Can books kill? Well, sure. A nice heavy one can make a good blunt-force weapon. In the right hands, a hardback Grisham could probably pulp a man’s skull. But should a publisher be held liable for the crimes his readers commit? This is touchy First Amendment ground, and the stuff of FX Network’s Deliberate Intent.

In 1993, Lawrence Horn hired James Perry to murder his ex-wife and their quadriplegic son in order to collect money set aside for the boy’s care. Perry used Hit Man, a murder-for-hire manual published by Paladin Press, to do the job. Both he and Horn were eventually arrested, tried and convicted—Horn is serving a life sentence, while Perry now sits on Maryland’s death row.

After the trials, the victims’ families filed suit against Paladin Press, arguing that the publisher was also criminally liable for the murders. Paladin’s lawyers claimed the publisher was protected by the First Amendment’s guarantee of press freedom.

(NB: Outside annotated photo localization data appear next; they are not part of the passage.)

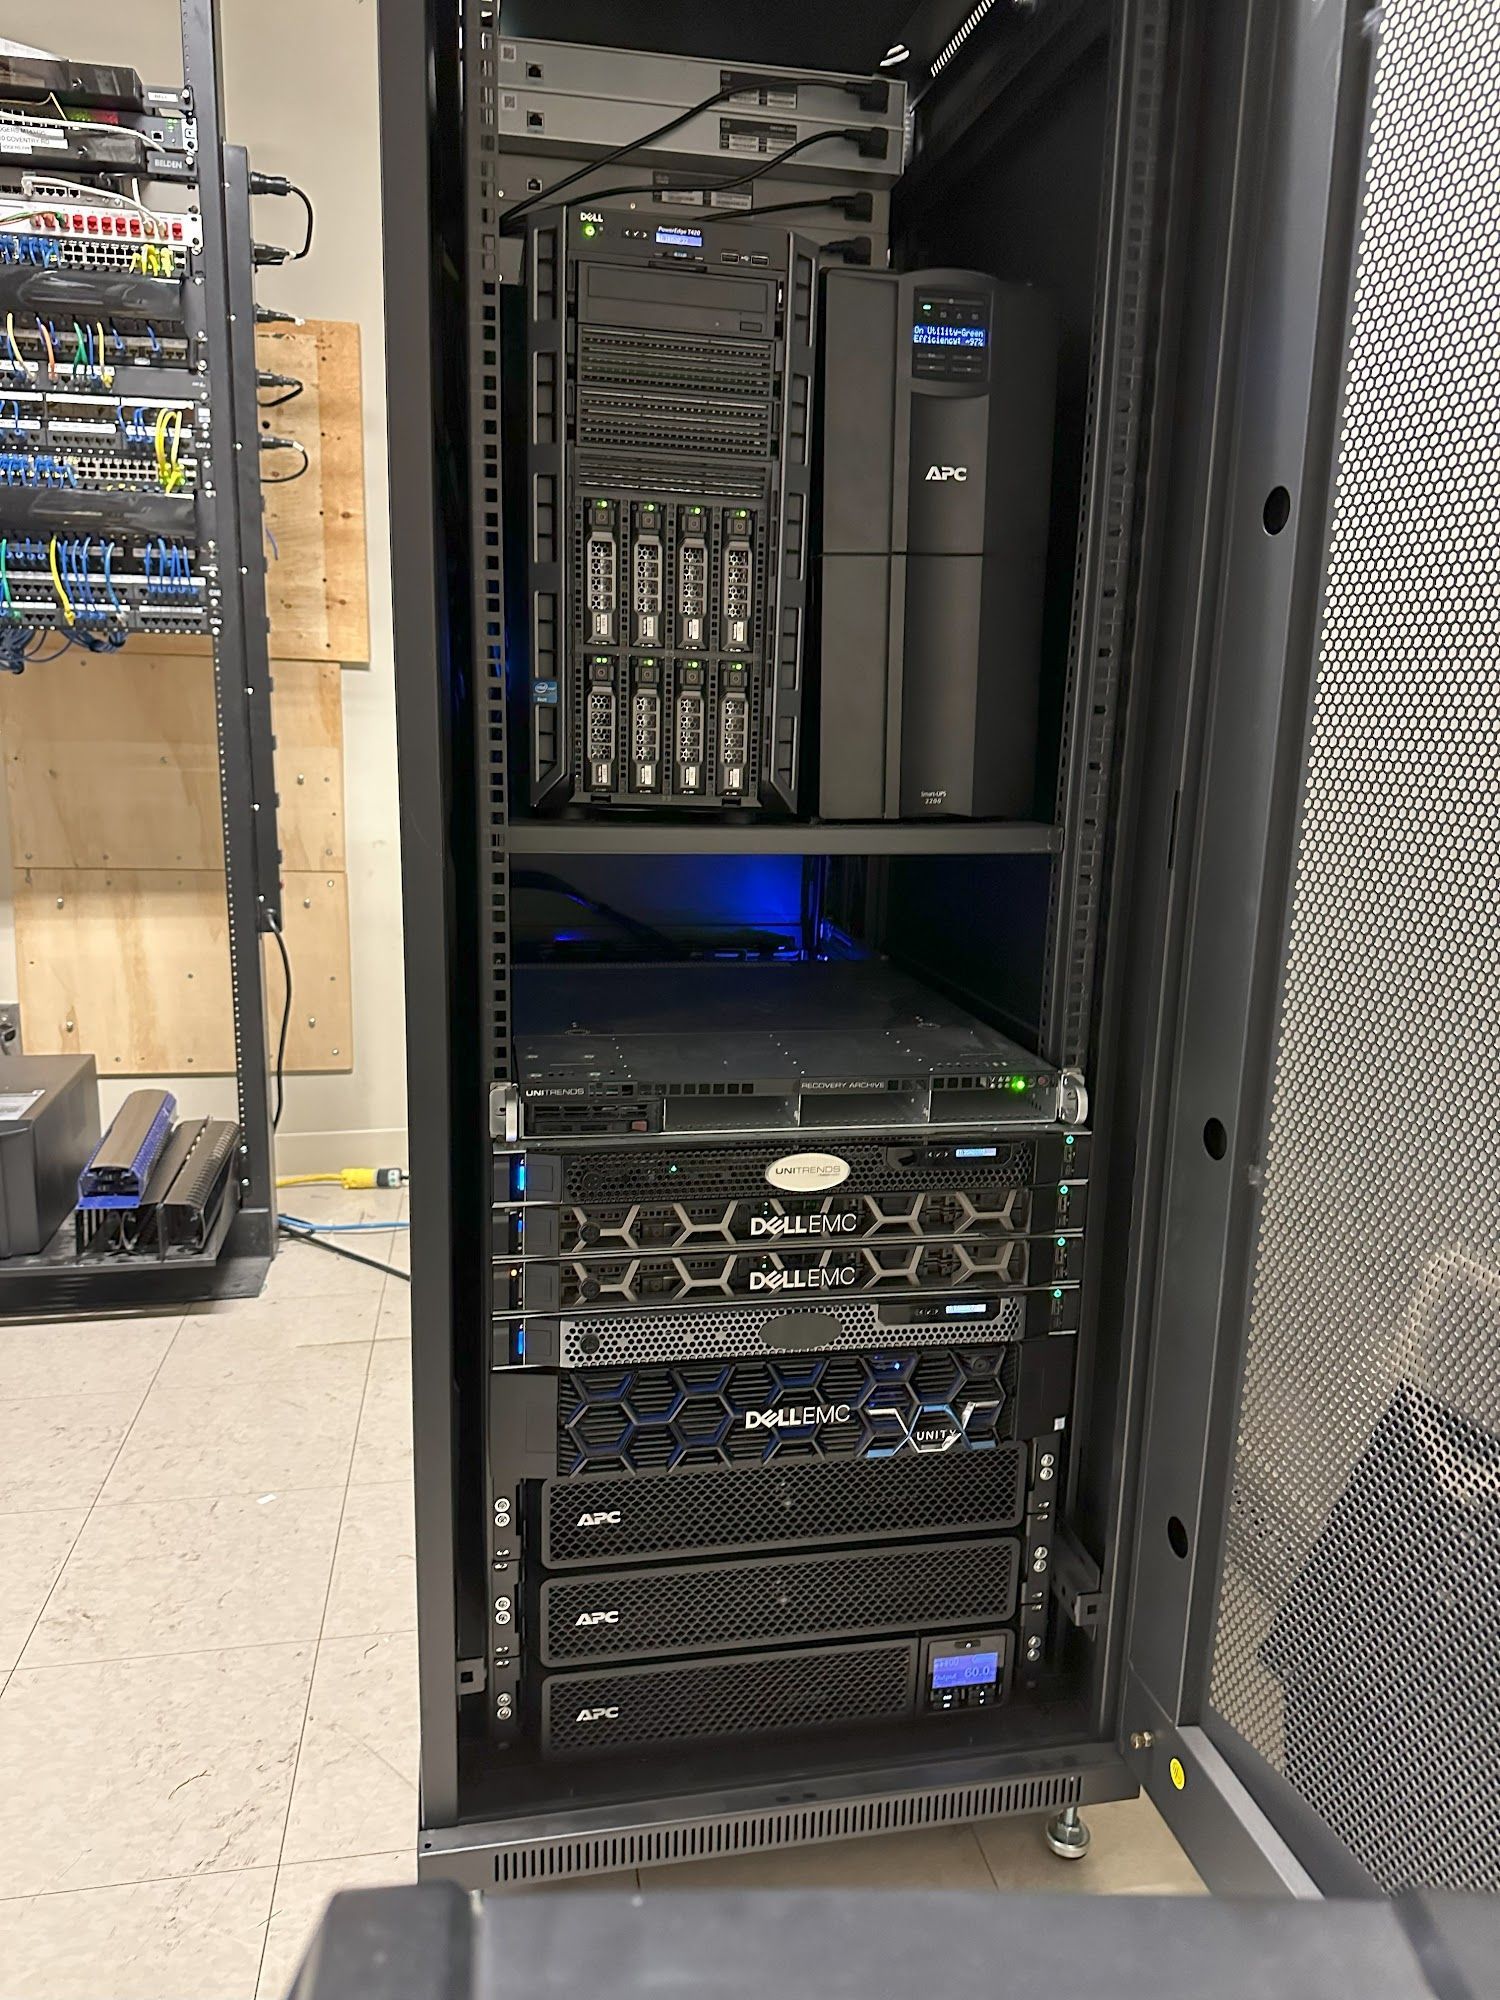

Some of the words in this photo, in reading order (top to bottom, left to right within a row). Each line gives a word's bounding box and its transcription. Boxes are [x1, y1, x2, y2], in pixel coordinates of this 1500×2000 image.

[154, 159, 183, 169] BELDEN
[580, 212, 604, 223] DELL
[687, 228, 701, 236] T420
[914, 326, 924, 334] On
[927, 326, 984, 338] Utility-Green
[925, 465, 967, 482] APC
[849, 1081, 885, 1089] ARCHIVE
[525, 1088, 585, 1097] UNITRENDS
[775, 1165, 841, 1175] UNITRENDS
[916, 1429, 957, 1441] UNITY
[576, 1510, 622, 1527] APC
[575, 1610, 620, 1627] APC
[964, 1666, 990, 1678] 60.0
[575, 1706, 620, 1723] APC

Timothy Hutton stars as Rod Smolla, a law professor and Constitutional scholar with an apparently unshakeable belief in the sanctity of the First Amendment. Approached by an attorney for one of the families, Smolla is skeptical at first. But Siegel, the dogged attorney played by Ron Rifkin, eventually persuades Smolla to take the case.

Deliberate Intent shifts gears several times—first you’re watching a murder mystery, then a detective story, and finally a courtroom drama. The mini-climaxes throughout feel more like false starts at times, but some interesting performances will keep you watching. Hutton looks like hell as Rod Smolla, an academic celebrity whose personal life is a shambles of solo drinking. James McDaniel, known to NYPD Blue fans as the uptight Lt. Fancy, is almost unrecognizable as Lawrence Horn. Coldly establishing an alibi for the night of the murder with a camcorder and a drunken floozy, Horn is thoroughly repellent and wonderfully underplayed.

But the movie really comes to life in Ron Rifkin’s scenes. As Siegel he trudges through the movie in rumpled suits, quoting Constitutional law and complaining about his indigestion with equal passion. He is welcome comic relief in some of the slower patches, but mercifully excused from putting a warmly humorous “button” on the story. Sure, it sticks to some safe courtroom story conventions, but Deliberate Intent is smart enough to know which clichés are just too hoary to revive.